Clinical features: painless papule or nodule → necrotic ulcer with classically undermined edges over weeks to months; extensive ulcers possible; secondary infection, sepsis, osteomyelitis, and contractures may complicate.
Diagnosis: PCR (may require repeat) and biopsy. Early referral to infectious diseases is recommended.
Treatment:
- 8 weeks rifampicin + clarithromycin orally (preferred oral regimen); OR
- 8 weeks rifampicin + 4 weeks streptomycin (if injectable available) + 4 weeks clarithromycin
- Total course 8-12 weeks; specialist wound care concurrent
- Surgical debridement and skin grafting may be needed for extensive ulcers
- Severe contractures may require reconstructive surgery
Management of Acute Tropical Ulcer
Wound care:
- Thorough wound cleaning, remove pus, slough, and necrotic debris
- Saline-moistened dressings changed regularly (every 6 hours initially in heavily contaminated wounds); alternatively, 1-6% hydrogen peroxide or dilute sodium hypochlorite (0.5% available chlorine) at dressing changes
- Hydrocolloid dressings are not suitable in humid climates
- Non-adherent dressings preferred, adherent dressings cause pain, bleeding, and tear healing epithelium on removal
- Dressings impregnated with honey, coconut oil, or white soft paraffin keep wound moist and soften crusts
- Zinc oxide cream/paste to wound margins, prevents maceration of healthy peri-wound skin
- Elevation and rest of the affected limb; reduce pressure on the wound
- Nutritional support, address protein-energy malnutrition actively
Antibiotic therapy:
- Procaine benzylpenicillin 0.6-1.2 g IM daily for 3-7 days is first-line for acute tropical ulcer (CARPA-aligned)

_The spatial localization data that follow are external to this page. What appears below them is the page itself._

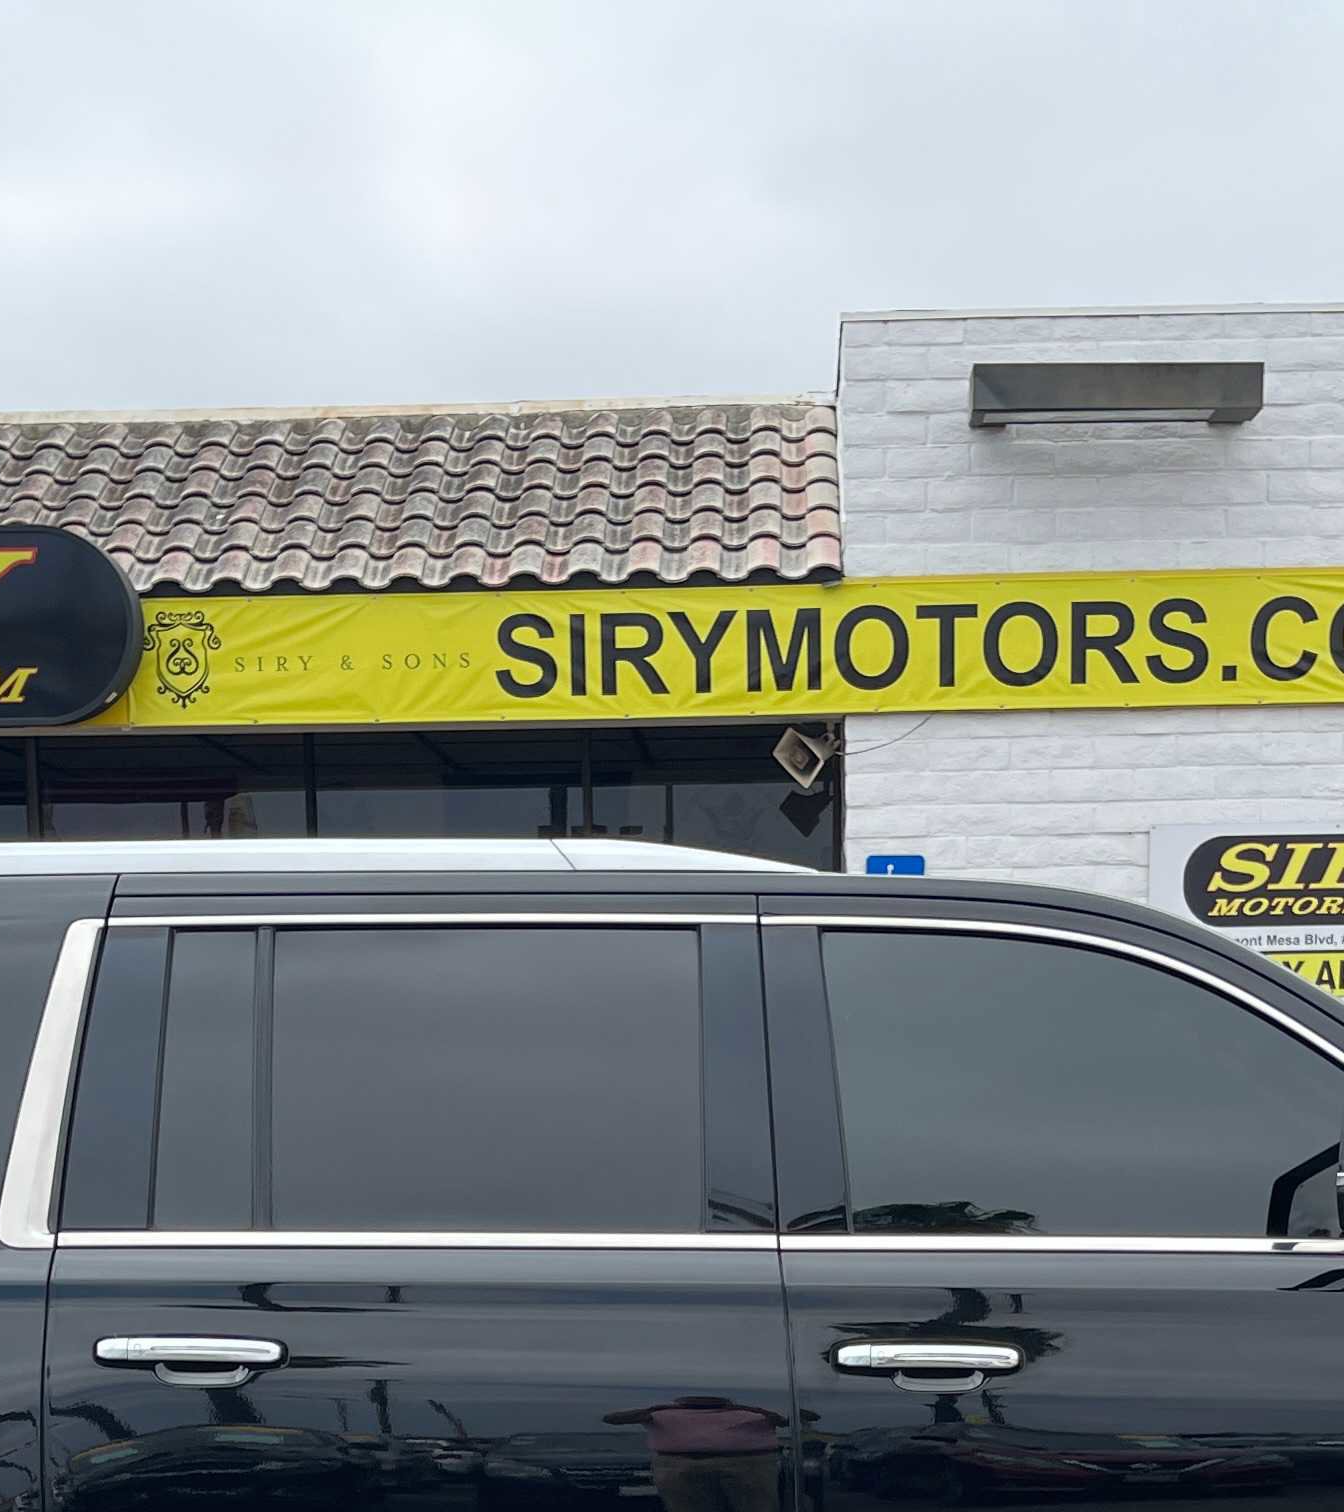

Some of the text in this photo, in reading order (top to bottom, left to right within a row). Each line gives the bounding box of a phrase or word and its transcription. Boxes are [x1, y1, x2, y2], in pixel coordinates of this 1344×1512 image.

[234, 652, 472, 673] SIRY & SONS
[1266, 934, 1300, 946] Mesa
[1305, 933, 1338, 946] Blvd,
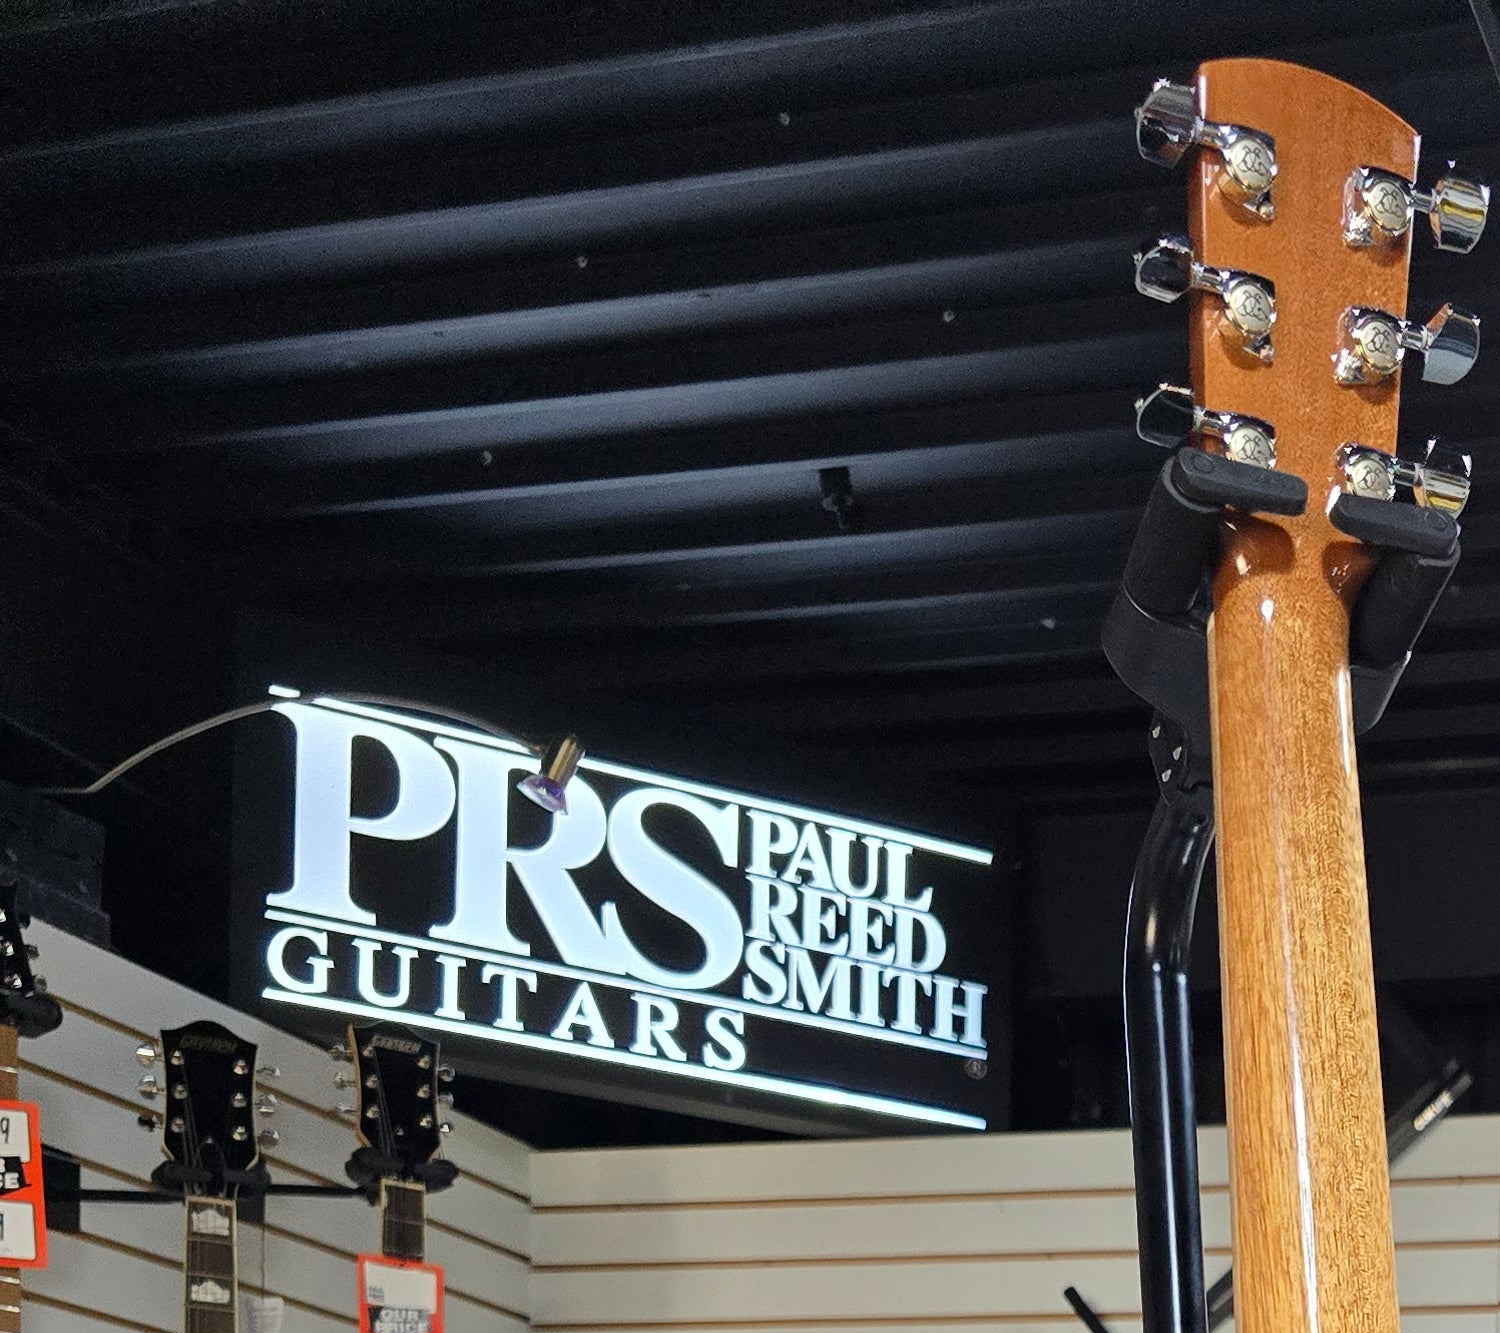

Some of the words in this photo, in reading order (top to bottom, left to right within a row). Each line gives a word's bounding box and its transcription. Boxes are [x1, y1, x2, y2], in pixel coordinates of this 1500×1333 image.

[266, 702, 744, 990] PRS
[746, 808, 933, 912] PAUL
[745, 873, 946, 973] REED
[266, 926, 747, 1081] GUITARS
[743, 939, 988, 1048] SMITH
[380, 1308, 420, 1323] OUR

- Adjust based on clinical response and culture where available
- Oral step-down (amoxicillin or metronidazole combinations) for less severe or improving presentations
Debridement:
- Remove necrotic tissue and slough, sharp debridement is well tolerated as dead tissue is insensate
- Local application of honey or aloe vera improves wound healing and is appropriate in resource-limited settings
- Avoid herbal remedies with unclear safety profiles
Chronic/non-healing phase:
- Biopsy to exclude SCC (Marjolin ulcer), hypergranulation not responding quickly to silver nitrate, hypertonic saline, and compression should be biopsied urgently
- Skin grafting (pinch or split-thickness) for large non-healing wounds, plan retrieval to surgical facility
Pressure Injuries
Staging (NPUAP/EPUAP International Classification)
| Stage | Description |
|---|---|
| Stage 1 | Non-blanchable erythema of intact skin |
| Stage 2 | Partial-thickness skin loss, shallow open ulcer, no slough; may present as intact or ruptured blister |
| Stage 3 | Full-thickness skin loss, subcutaneous fat visible; no bone, tendon, or muscle exposed |
| Stage 4 | Full-thickness tissue loss with exposed bone, muscle, or tendon |
| Unstageable | Base obscured by slough or eschar, cannot assess depth |
| Deep tissue injury (DTI) | Purple or maroon intact or non-intact skin; blood-filled blister; underlying tissue damage |
Common sites: sacrum, heels, ischial tuberosities, hips, medial malleoli, elbows, occiput.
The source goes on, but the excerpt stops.